=== How to complete this task ===
Retype, without changes or pictures, only the lines that begin at the one containing "this 1500×1000 image." and end at the last line of the records that follow.

=== Referring expression grounding data ===
**********

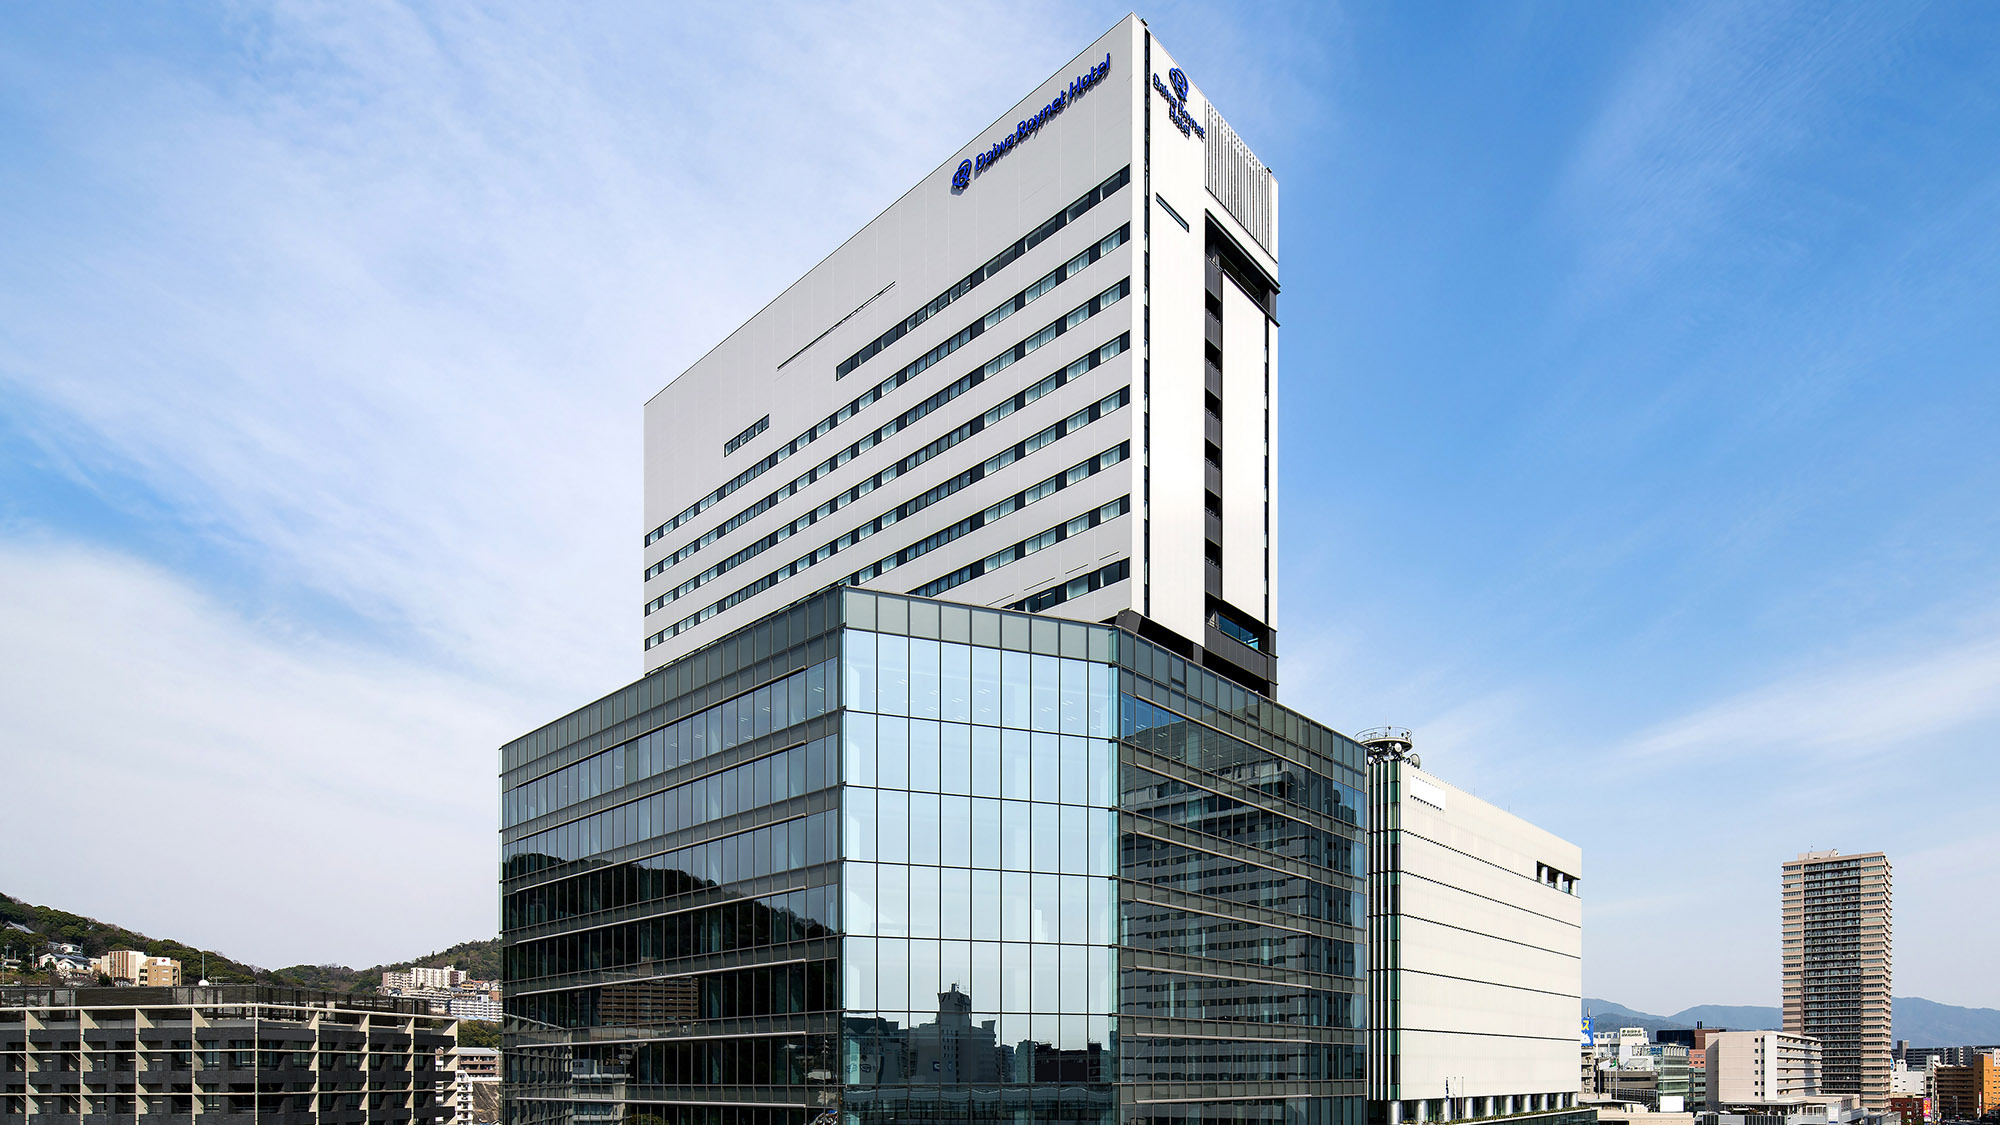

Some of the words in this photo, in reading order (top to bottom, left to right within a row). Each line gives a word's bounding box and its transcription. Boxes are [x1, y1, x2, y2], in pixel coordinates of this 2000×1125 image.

[975, 133, 1014, 171] Daiwa
[1016, 90, 1066, 139] Roynet
[1069, 52, 1110, 99] Hotel
[1153, 73, 1177, 108] Daiwa
[1178, 101, 1205, 139] Roynet
[1169, 105, 1190, 139] Hotel
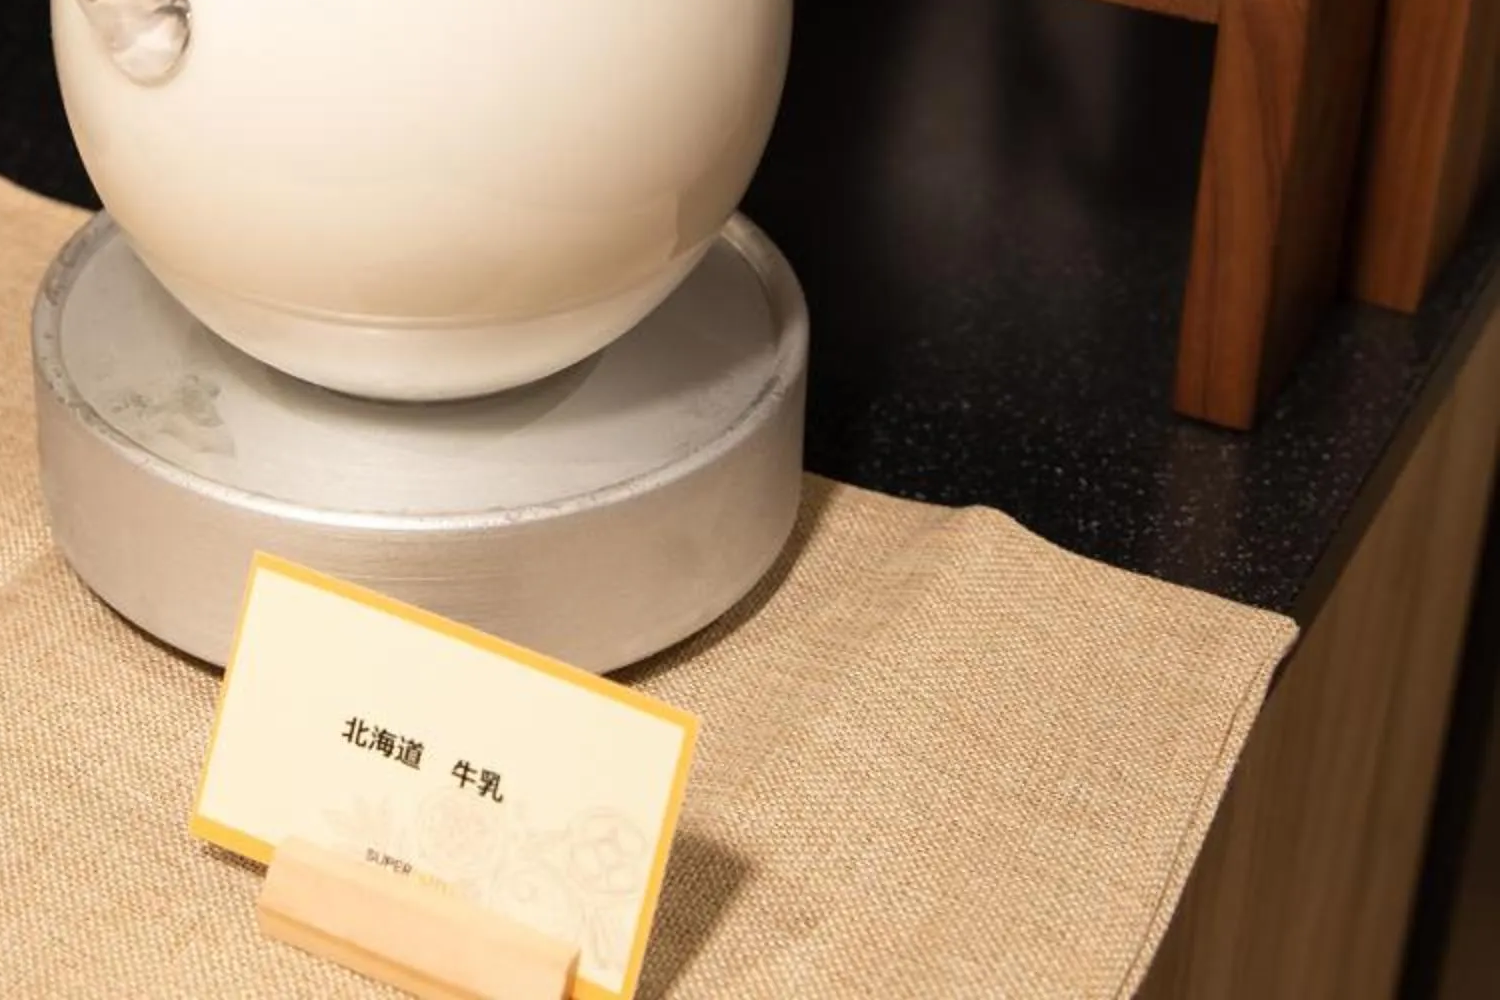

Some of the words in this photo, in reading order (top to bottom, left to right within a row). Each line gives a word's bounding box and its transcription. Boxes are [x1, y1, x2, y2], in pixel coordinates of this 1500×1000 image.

[341, 716, 424, 771] 北海道
[451, 759, 505, 804] 牛乳
[365, 847, 414, 877] SUPER
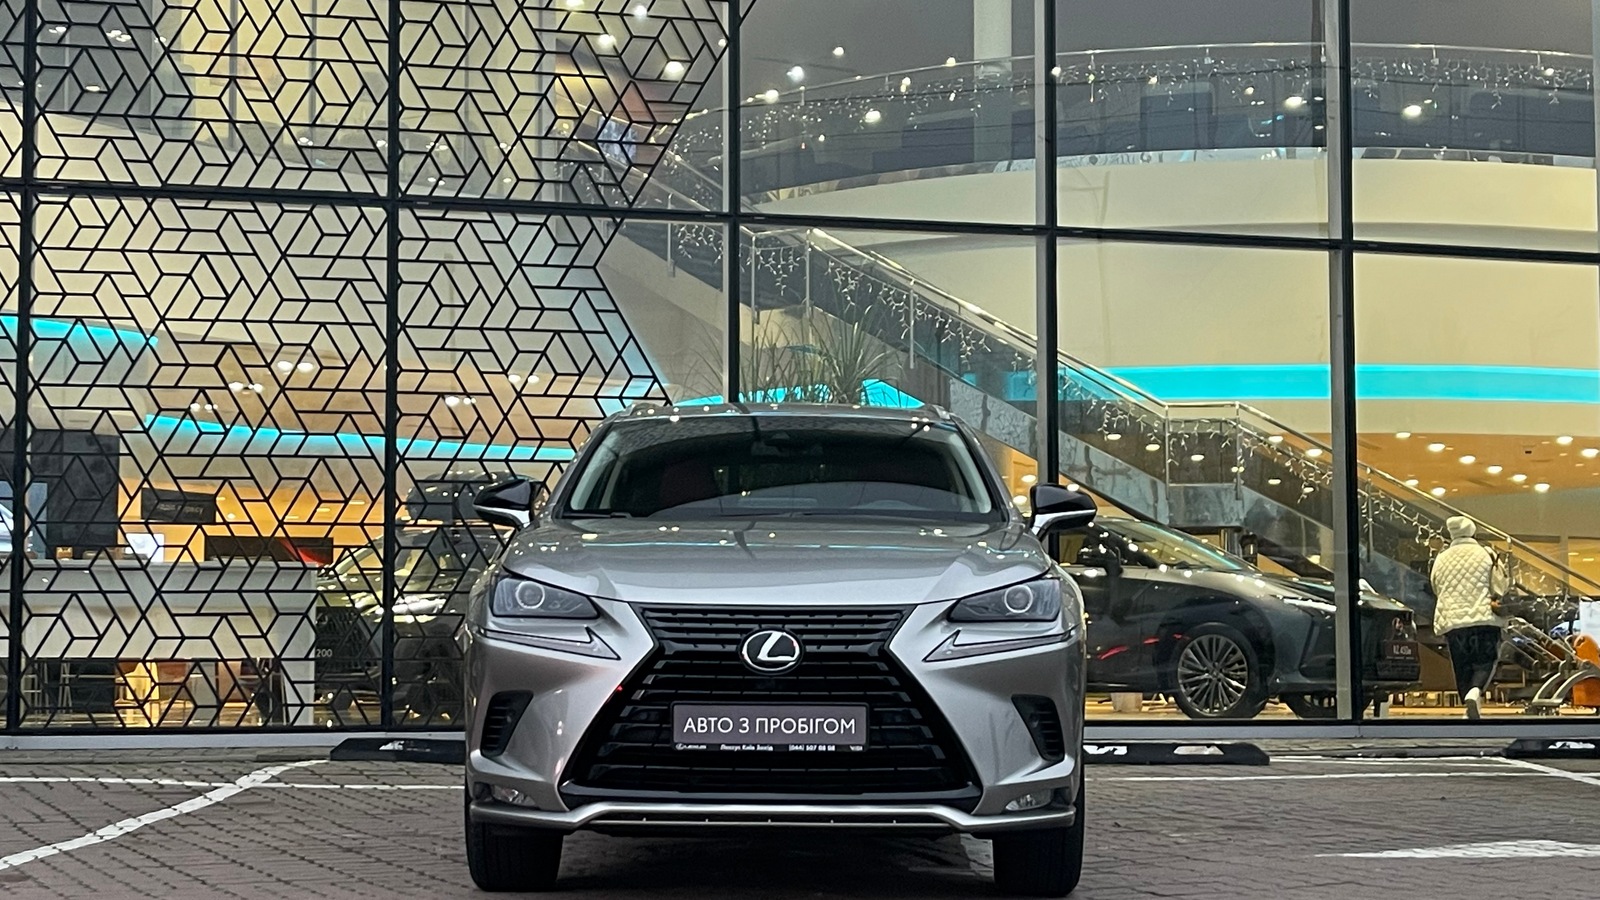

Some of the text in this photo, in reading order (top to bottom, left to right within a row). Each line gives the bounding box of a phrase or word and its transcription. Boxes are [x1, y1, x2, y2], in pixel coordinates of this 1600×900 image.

[316, 648, 333, 658] 200
[683, 717, 734, 734] АВТО
[755, 717, 856, 735] ПРОБІГОМ
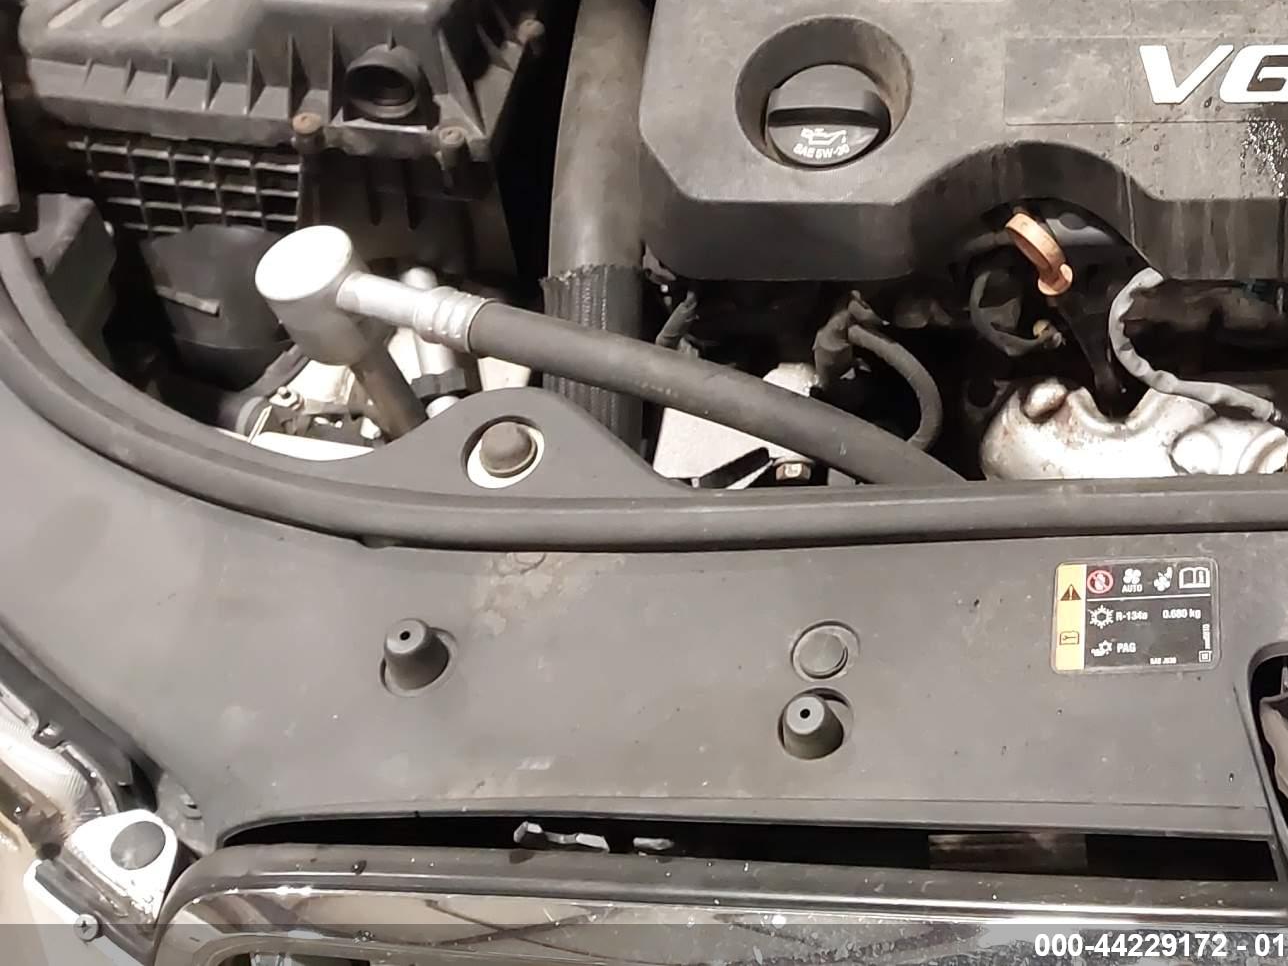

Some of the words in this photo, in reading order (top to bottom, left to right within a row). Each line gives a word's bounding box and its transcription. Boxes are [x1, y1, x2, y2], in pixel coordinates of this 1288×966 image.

[793, 143, 815, 158] SAE
[1122, 584, 1143, 593] AUTO
[1189, 608, 1201, 619] kg
[1116, 642, 1136, 653] PAG

**********

=== Solution for this task ===
Some of the words in this photo, in reading order (top to bottom, left to right within a row). Each line gives a word's bounding box and its transcription. Boxes are [x1, y1, x2, y2], in pixel coordinates of this 1500×1000 image.

[341, 716, 424, 771] 北海道
[451, 759, 505, 804] 牛乳
[365, 847, 414, 877] SUPER

Some of the text in this photo, in reading order (top to bottom, left to right within a row). Each line gives the bounding box of a phrase or word and its transcription. Boxes are [x1, y1, x2, y2], in pixel coordinates of this 1600×900 image.

[316, 648, 333, 658] 200
[683, 717, 734, 734] АВТО
[755, 717, 856, 735] ПРОБІГОМ

Some of the words in this photo, in reading order (top to bottom, left to right within a row). Each line gives a word's bounding box and its transcription. Boxes are [x1, y1, x2, y2], in pixel coordinates of this 1288×966 image.

[793, 143, 815, 158] SAE
[1122, 584, 1143, 593] AUTO
[1189, 608, 1201, 619] kg
[1116, 642, 1136, 653] PAG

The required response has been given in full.